TASK DATA
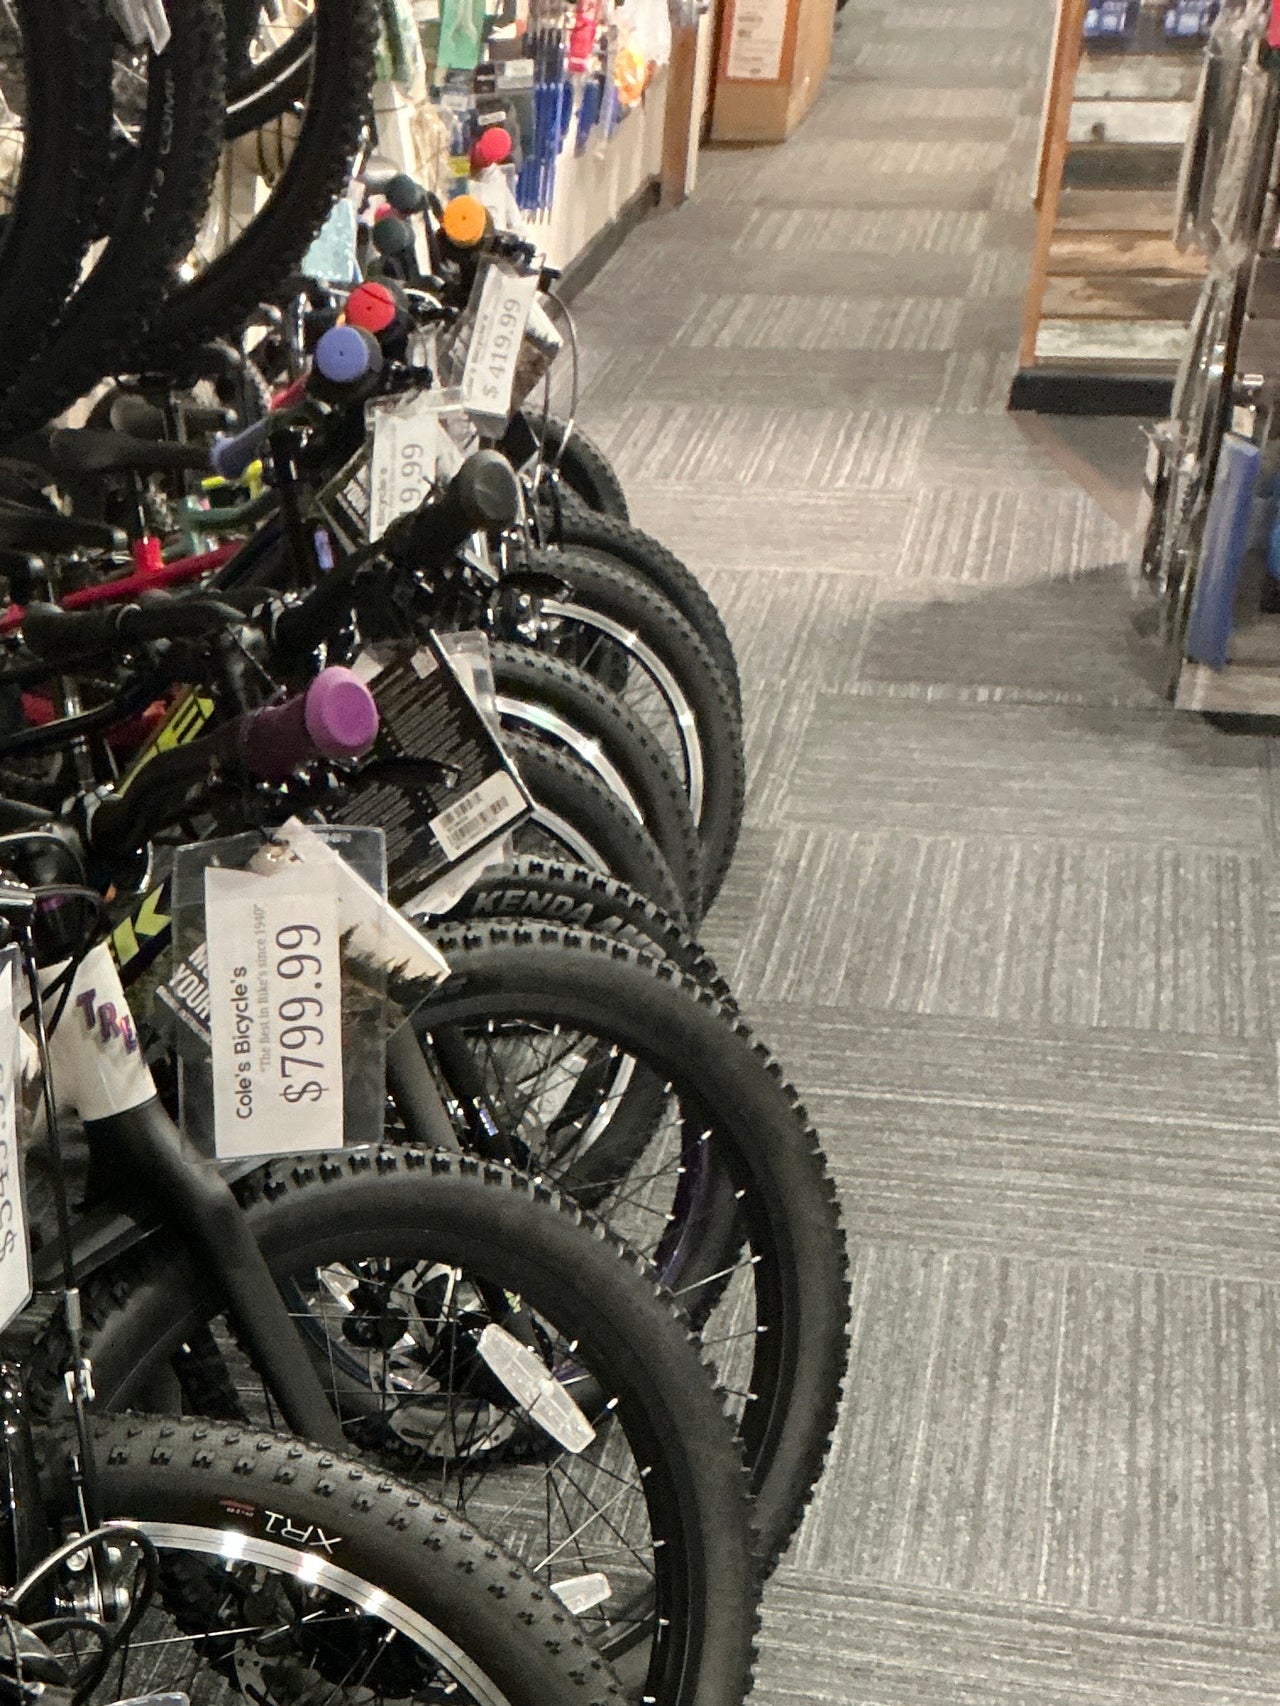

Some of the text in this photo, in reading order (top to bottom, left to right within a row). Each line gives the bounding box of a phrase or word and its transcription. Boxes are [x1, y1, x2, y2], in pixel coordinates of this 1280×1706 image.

[399, 443, 424, 504] 9.99
[472, 889, 595, 926] KENDA
[256, 936, 268, 969] since
[75, 987, 140, 1058] TRE
[230, 965, 254, 1119] Cole's Bicycle's
[276, 924, 329, 1103] $799.99
[264, 1509, 343, 1554] XR1
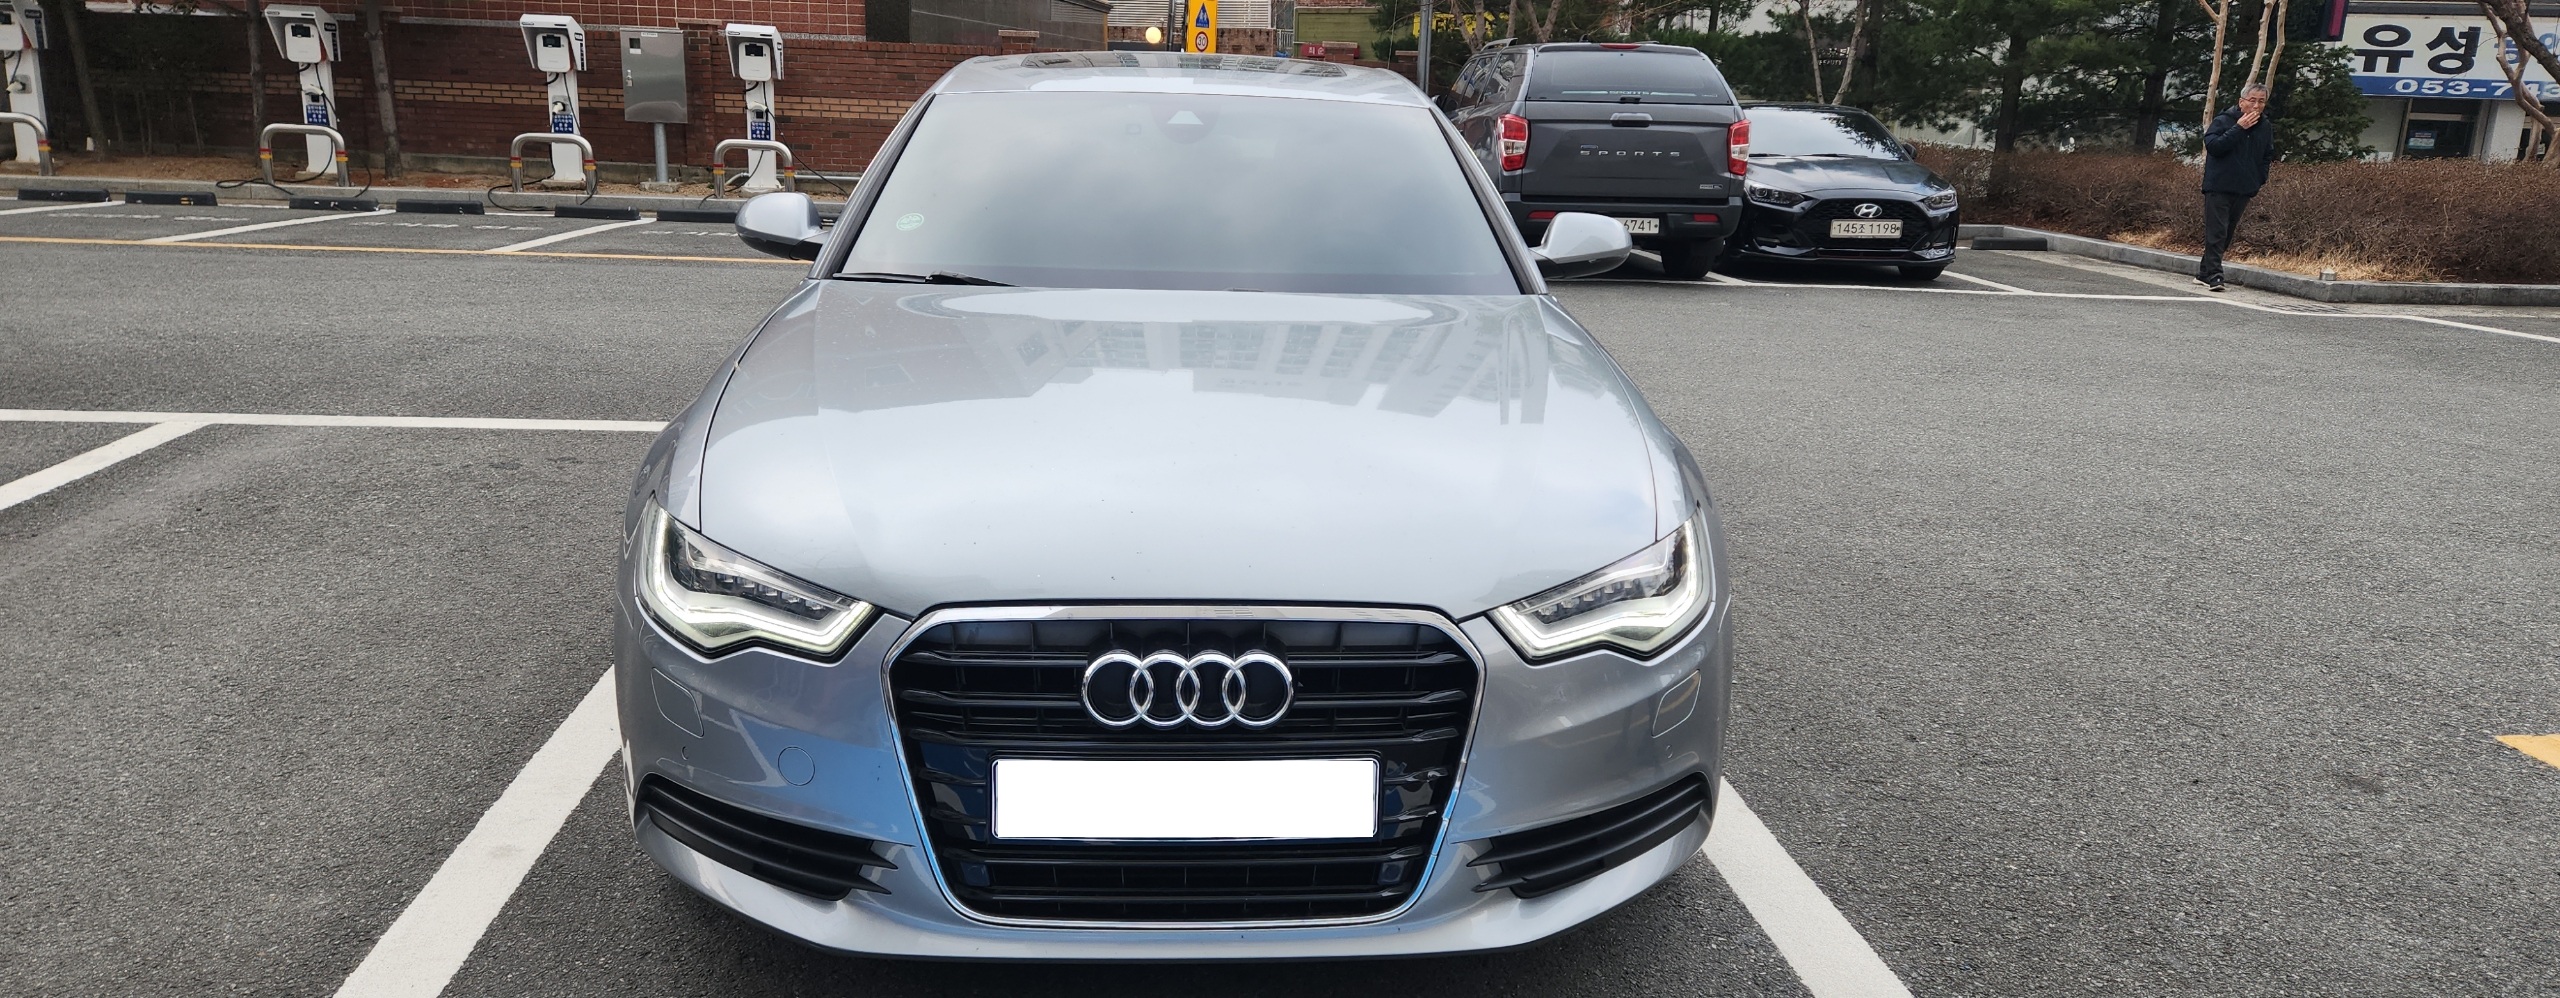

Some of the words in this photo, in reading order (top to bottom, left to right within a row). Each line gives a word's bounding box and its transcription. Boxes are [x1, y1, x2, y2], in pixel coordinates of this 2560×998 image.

[1198, 36, 1206, 46] 30
[2354, 24, 2482, 75] 유성
[1837, 222, 1866, 234] 145조
[1869, 223, 1897, 234] 1198
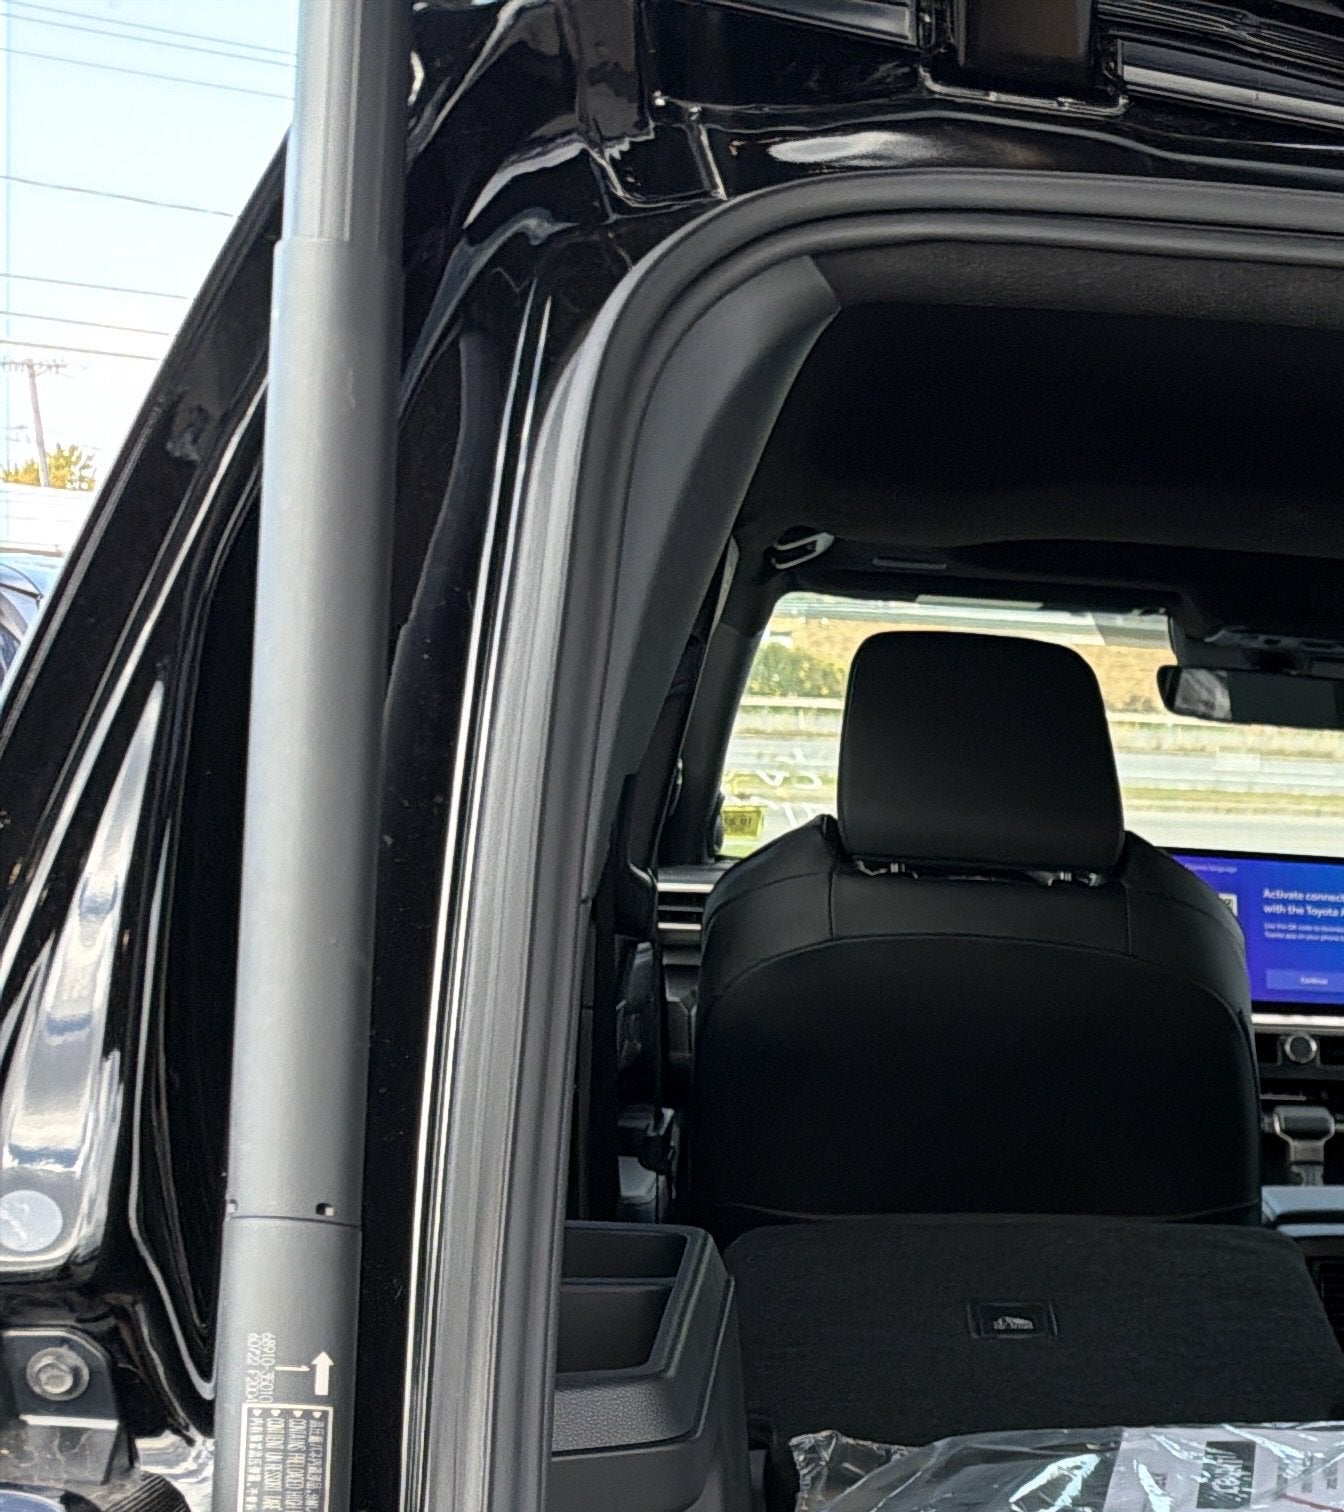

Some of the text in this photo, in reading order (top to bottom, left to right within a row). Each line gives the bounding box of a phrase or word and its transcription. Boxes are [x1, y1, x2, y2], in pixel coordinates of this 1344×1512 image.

[1263, 888, 1304, 901] Activate
[1263, 903, 1287, 915] with
[1288, 904, 1304, 916] the
[1306, 905, 1339, 919] Toyota
[288, 1419, 307, 1451] CONTAINS
[284, 1491, 303, 1509] HIGH
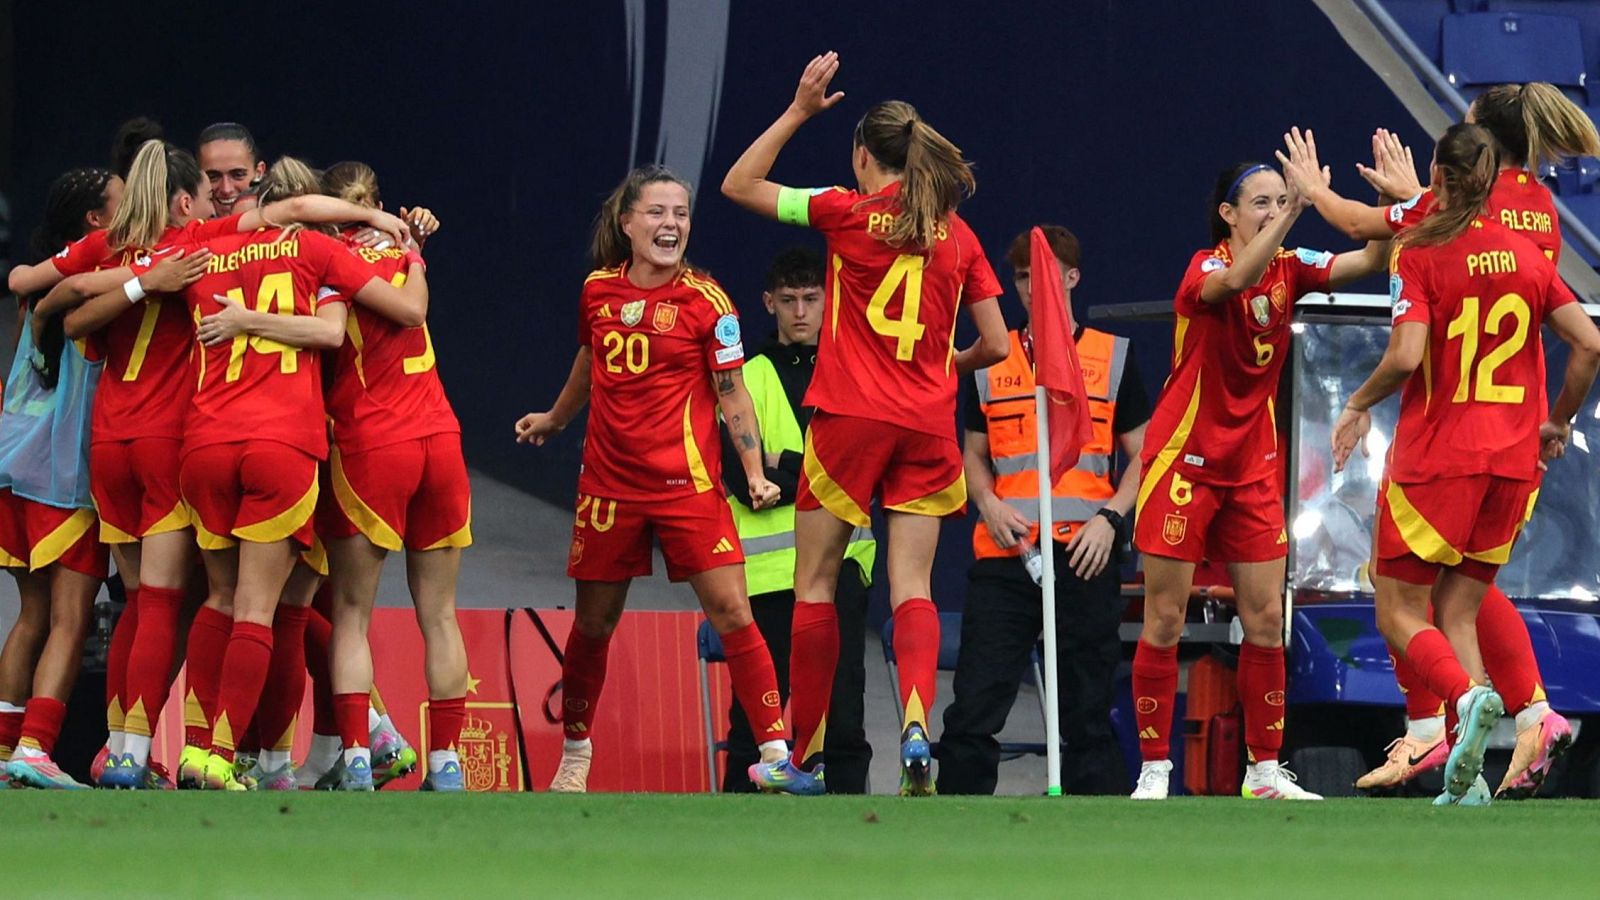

YOUR ASSIGNMENT
The whole listing above is to be printed again exactly; pictures stay out of it.

SOLUTION
Some of the text in this photo, in reading order (top to bottom, left to right within a row). Each line gives the bounding box of a phrase or word and its transcription. Boxes are [x1, y1, x2, y2], in pixel coordinates of this 1280×1706 image.

[399, 443, 424, 504] 9.99
[472, 889, 595, 926] KENDA
[256, 936, 268, 969] since
[75, 987, 140, 1058] TRE
[230, 965, 254, 1119] Cole's Bicycle's
[276, 924, 329, 1103] $799.99
[264, 1509, 343, 1554] XR1

Some of the words in this photo, in reading order (top to bottom, left to right within a row). Each line gives a word's bounding box and its transcription. Boxes are [x1, y1, x2, y2], in pixel coordinates of this 2560×998 image.

[1198, 36, 1206, 46] 30
[2354, 24, 2482, 75] 유성
[1837, 222, 1866, 234] 145조
[1869, 223, 1897, 234] 1198

Some of the text in this photo, in reading order (top to bottom, left to right within a row). Each line gives the bounding box of a phrase or word and its transcription. Boxes are [x1, y1, x2, y2], in pixel coordinates of this 1344×1512 image.

[1263, 888, 1304, 901] Activate
[1263, 903, 1287, 915] with
[1288, 904, 1304, 916] the
[1306, 905, 1339, 919] Toyota
[288, 1419, 307, 1451] CONTAINS
[284, 1491, 303, 1509] HIGH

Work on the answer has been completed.